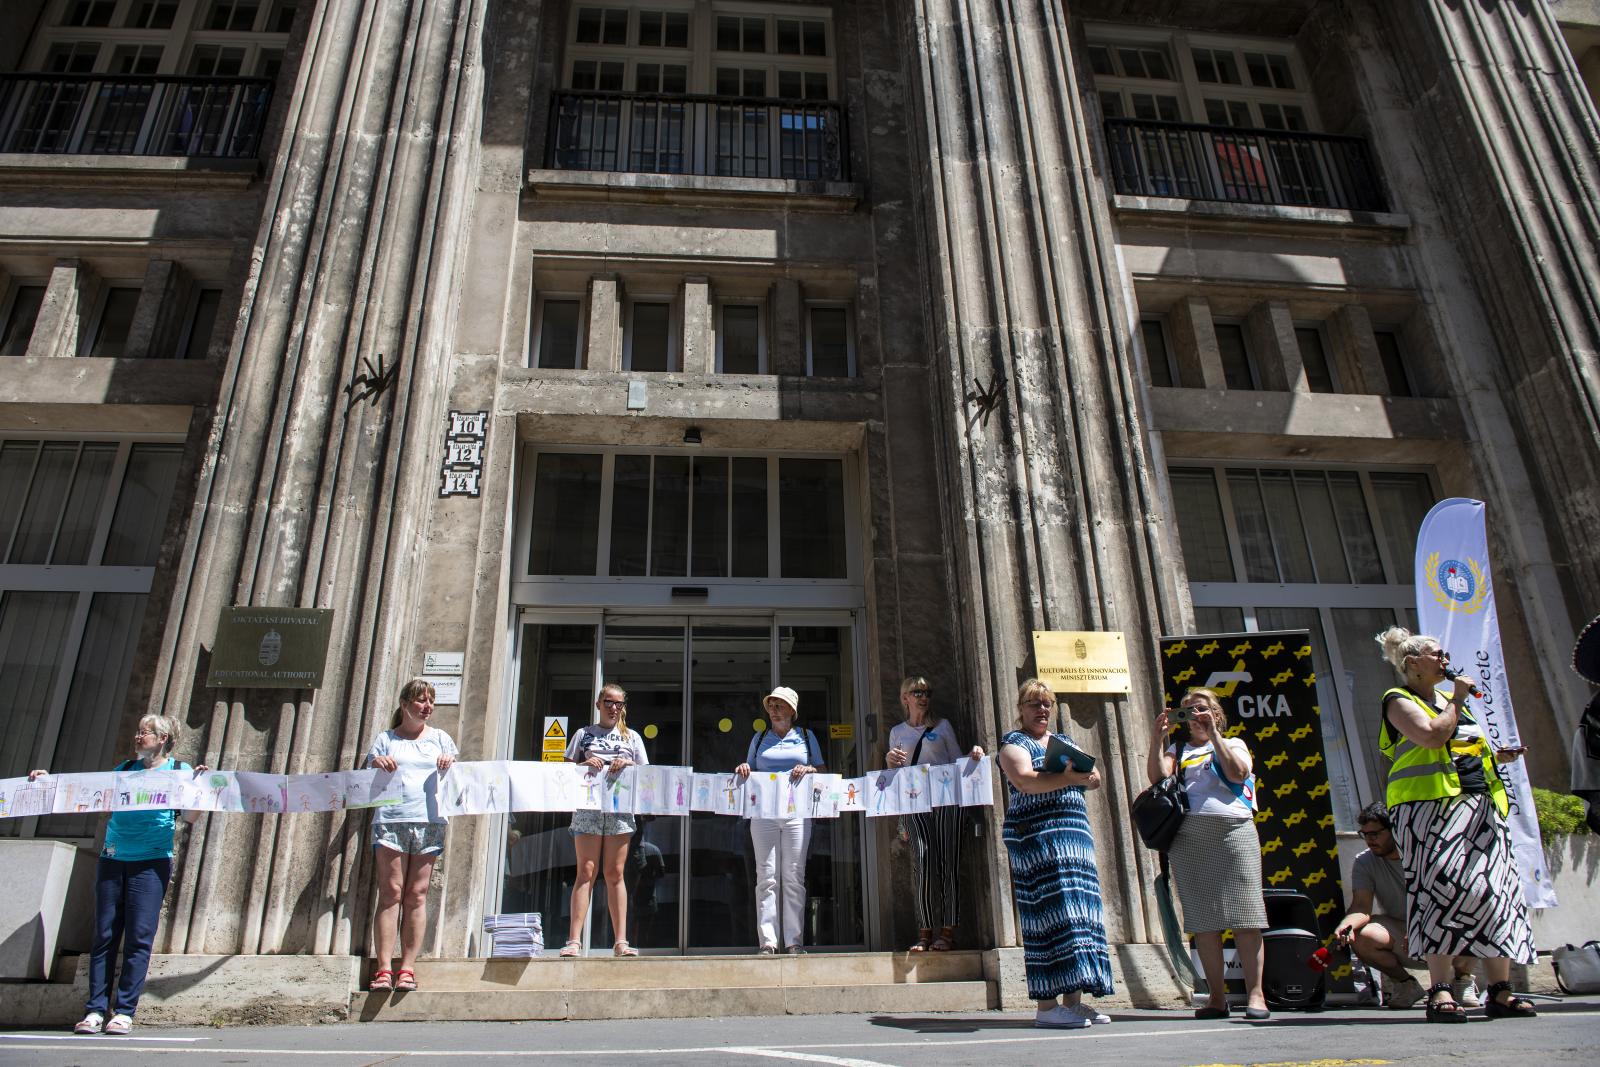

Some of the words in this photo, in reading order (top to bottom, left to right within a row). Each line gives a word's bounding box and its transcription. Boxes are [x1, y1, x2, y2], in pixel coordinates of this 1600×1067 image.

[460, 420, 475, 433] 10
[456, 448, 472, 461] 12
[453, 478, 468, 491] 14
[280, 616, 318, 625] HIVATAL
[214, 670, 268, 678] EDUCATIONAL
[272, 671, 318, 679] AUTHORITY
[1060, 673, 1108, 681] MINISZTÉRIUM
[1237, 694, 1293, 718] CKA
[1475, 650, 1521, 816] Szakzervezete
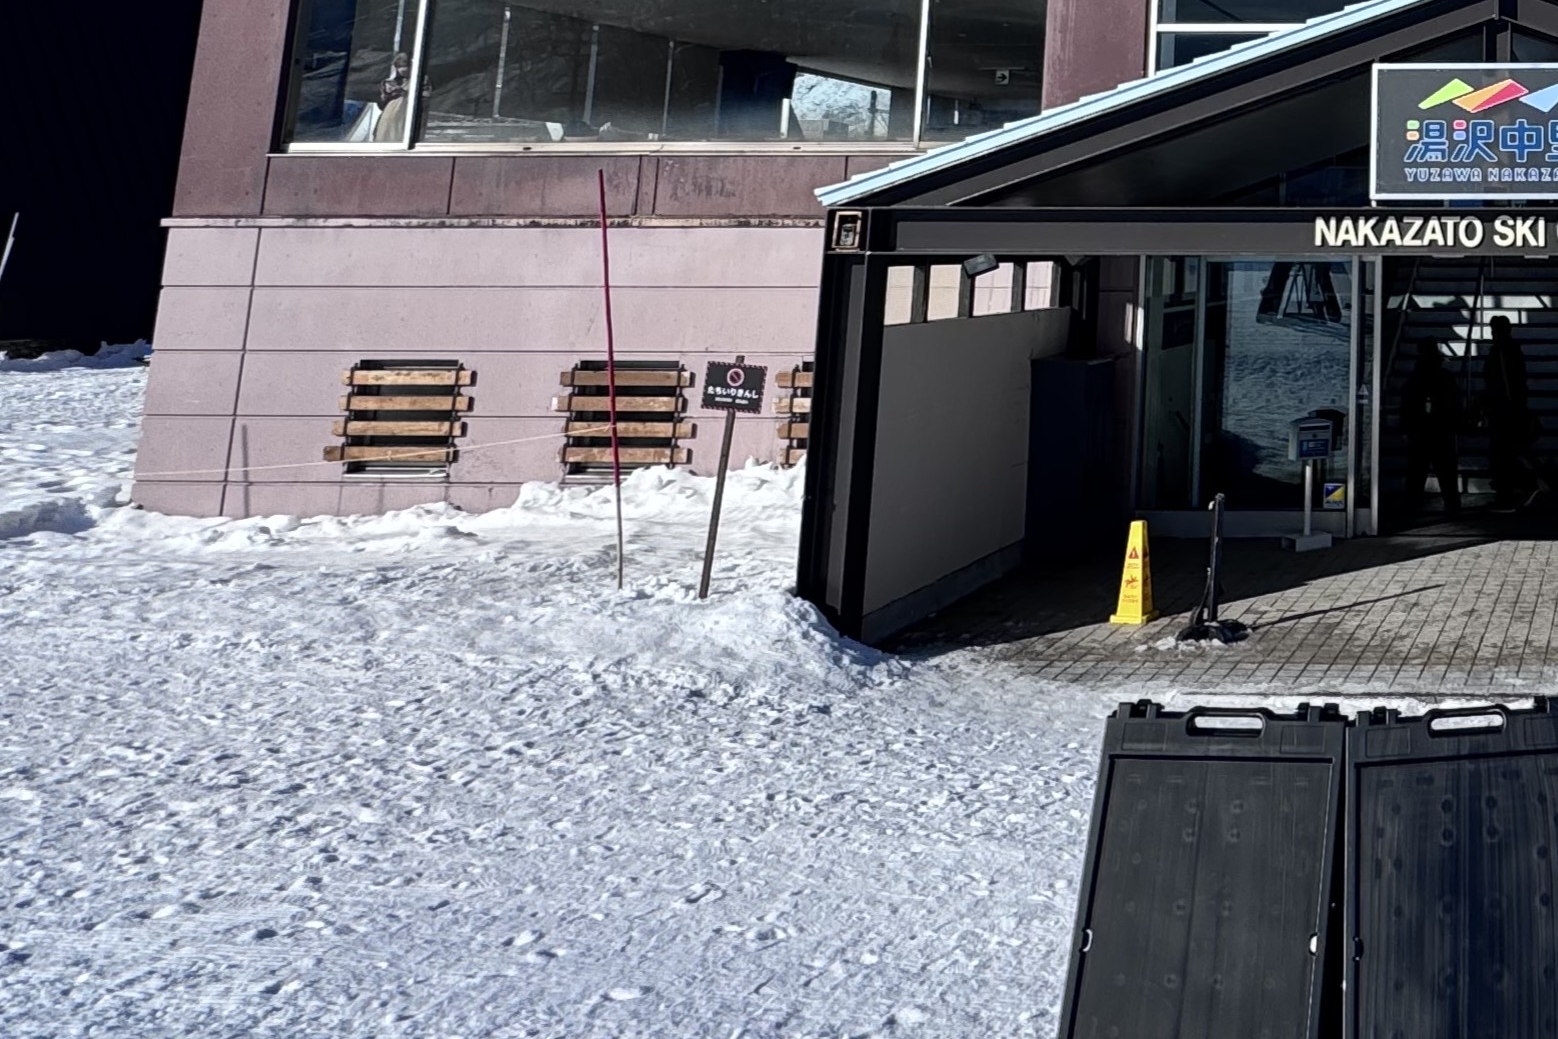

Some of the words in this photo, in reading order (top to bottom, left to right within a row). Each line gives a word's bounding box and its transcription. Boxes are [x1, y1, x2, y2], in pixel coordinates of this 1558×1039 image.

## Task details
Set down all entries above again, exactly, without images.

## Exercise answer
Some of the words in this photo, in reading order (top to bottom, left to right within a row). Each line gives a word's bounding box and its transcription. Boxes are [x1, y1, x2, y2], in pixel coordinates of this 1600×1067 image.

[460, 420, 475, 433] 10
[456, 448, 472, 461] 12
[453, 478, 468, 491] 14
[280, 616, 318, 625] HIVATAL
[214, 670, 268, 678] EDUCATIONAL
[272, 671, 318, 679] AUTHORITY
[1060, 673, 1108, 681] MINISZTÉRIUM
[1237, 694, 1293, 718] CKA
[1475, 650, 1521, 816] Szakzervezete

Some of the words in this photo, in reading order (top to bottom, left to right within a row). Each line gives a word's bounding box and its transcription. Boxes are [x1, y1, x2, y2], in pixel coordinates of this 1558×1039 image.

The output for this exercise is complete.